Lo ocurrido en la defensa del TIPNIS demostró que el argumento de la película estaba invertido

La Razón / Alejandro F. Mercado

03:43 / 10 de diciembre de 2011

Se comenta en los ámbitos cinematográficos que la producción de Avatar II, dirigida por James Cameron, estaría retrasada en unos meses y probablemente no logre llegar a las pantallas el siguiente año. Aunque no se ha aclarado la causa de este retraso, podríamos suponer que Cameron vio los documentales de la intervención policial a los indígenas originarios que marchaban en defensa del TIPNIS y ello lo llevó a revisar su argumento.

En Avatar los originarios de Pandora, los Na’vi (azulitos dotados de cola), eran los dueños del árbol de la vida o, con mayor precisión, de la morada de la diosa Eywa, a la que defendían, con todo derecho, de la agresión de los imperialistas que venían a explotar el preciado mineral unobtainium. Lo ocurrido en la defensa del TIPNIS ha demostrado que el argumento de la película estaba invertido, que solamente había que darlo la vuelta para que refleje la realidad, es decir, que los Na’vi no eran socialistas sino neoliberales, y los agresores de la Corporación RDA no eran neoliberales sino socialistas.

De cualquier forma, el retraso en la producción de Avatar II podríamos tomarlo como una buena noticia, porque las películas dirigidas o producidas por Cameron son cada vez peores. Es innegable que Titanic fue una gran película, pero ello se debió a los últimos 20 minutos, donde, gracias a la tecnología de los denominados efectos especiales, se logra poner en escena el hundimiento del magnífico crucero. El resto de la cinta  fue una historia cursi, un fantoche, propio de las telenovelas argentinas.

Avatar, como en su momento expresara Fernando Savater, fue un producto bobo y ñoño, que a pesar de que su producción costó más de 200 millones de dólares, no logró ganarle las estatuillas a la película En tierra hostil, producida por su exesposa Kathryn Bigelow, quien se llevó los oscares a la mejor película, mejor dirección, mejor guión, mejor edición de sonido, mejor mezcla de sonido y mejor montaje. La cinta cuya trama se desarrolla en la guerra de Irak invirtió menos del 10% del presupuesto de Avatar.

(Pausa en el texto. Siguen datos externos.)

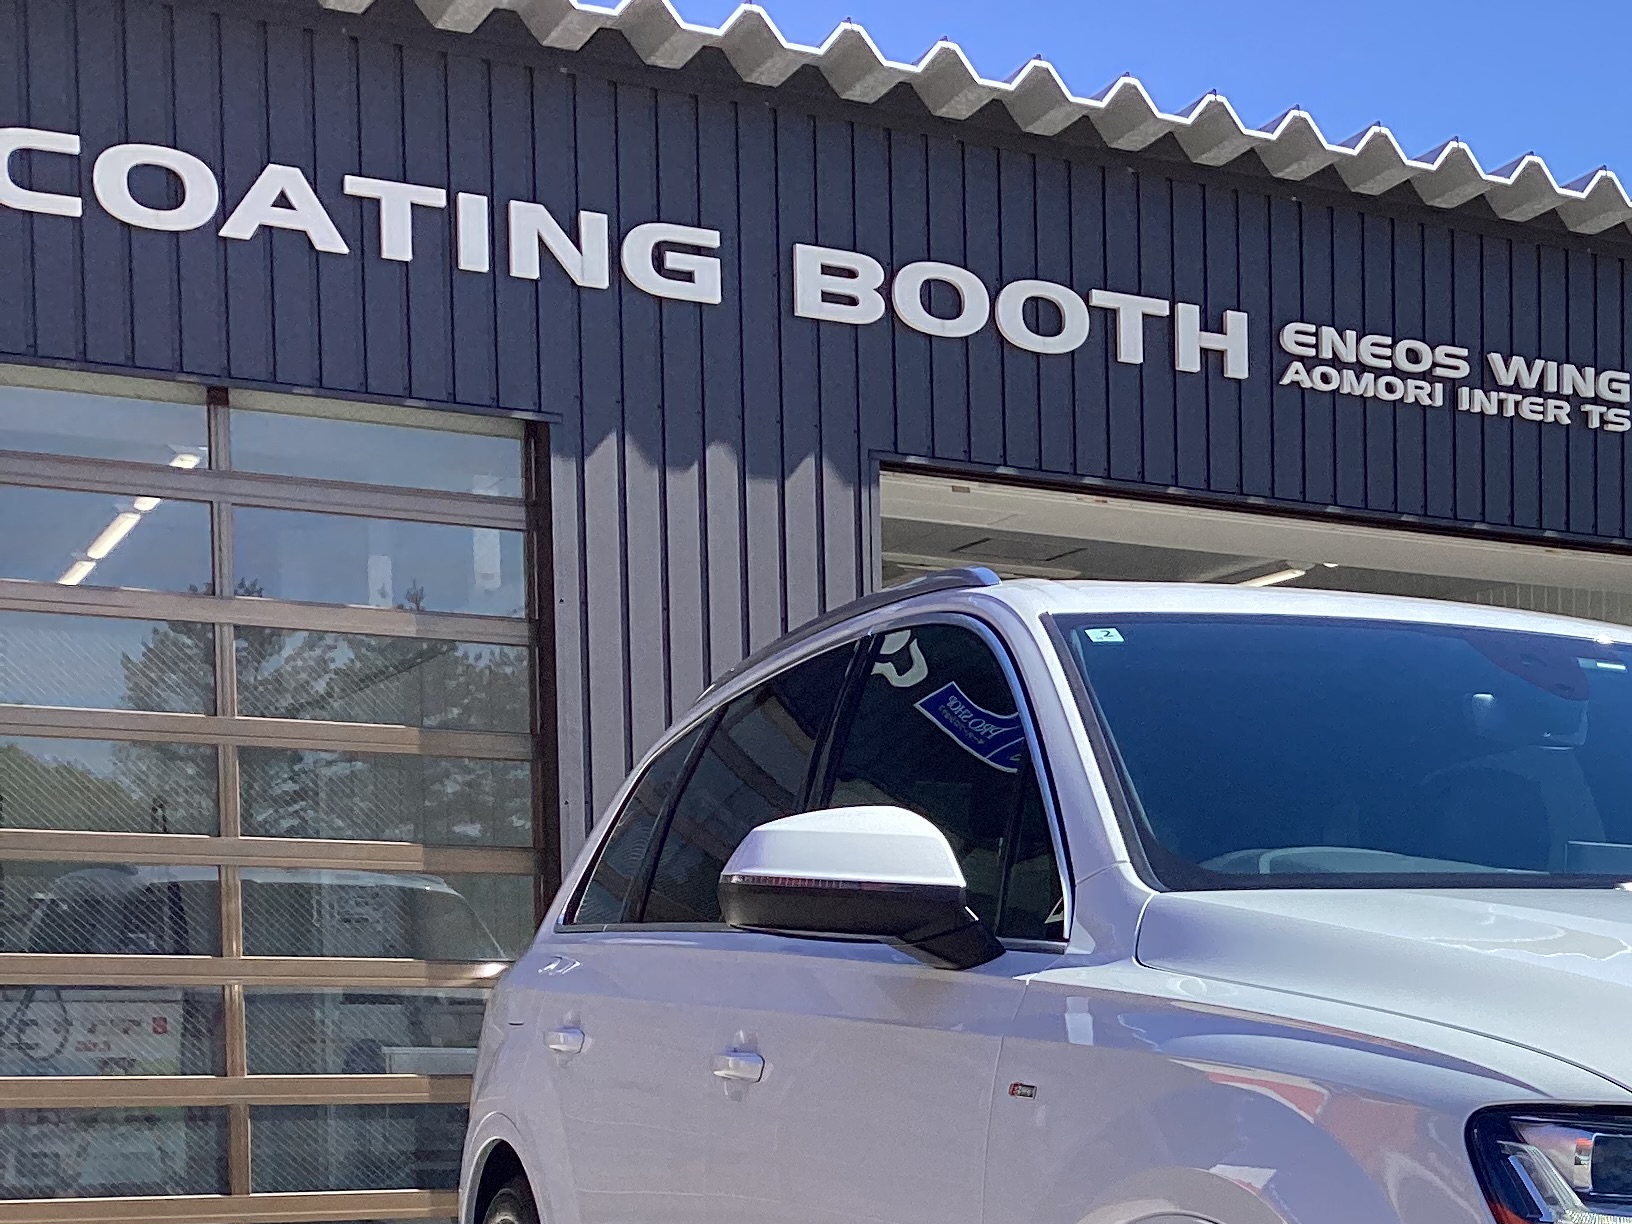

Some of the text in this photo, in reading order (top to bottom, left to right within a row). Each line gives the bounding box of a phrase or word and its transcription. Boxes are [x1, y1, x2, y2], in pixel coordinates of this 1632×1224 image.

La siguiente película donde James Cameron participó como productor ejecutivo fue un verdadero bodrio, me refiero a Sanctum (El Santuario), basada en la exploración de una cueva subacuática en Papua Nueva Guinea. Es un film de argumento simplón, un guión de quinta y pésimos actores; 105 minutos de desperdicio para quienes pagamos para verla. De allí que el posible retraso en la producción Avatar II no debería impacientarnos ni mucho menos.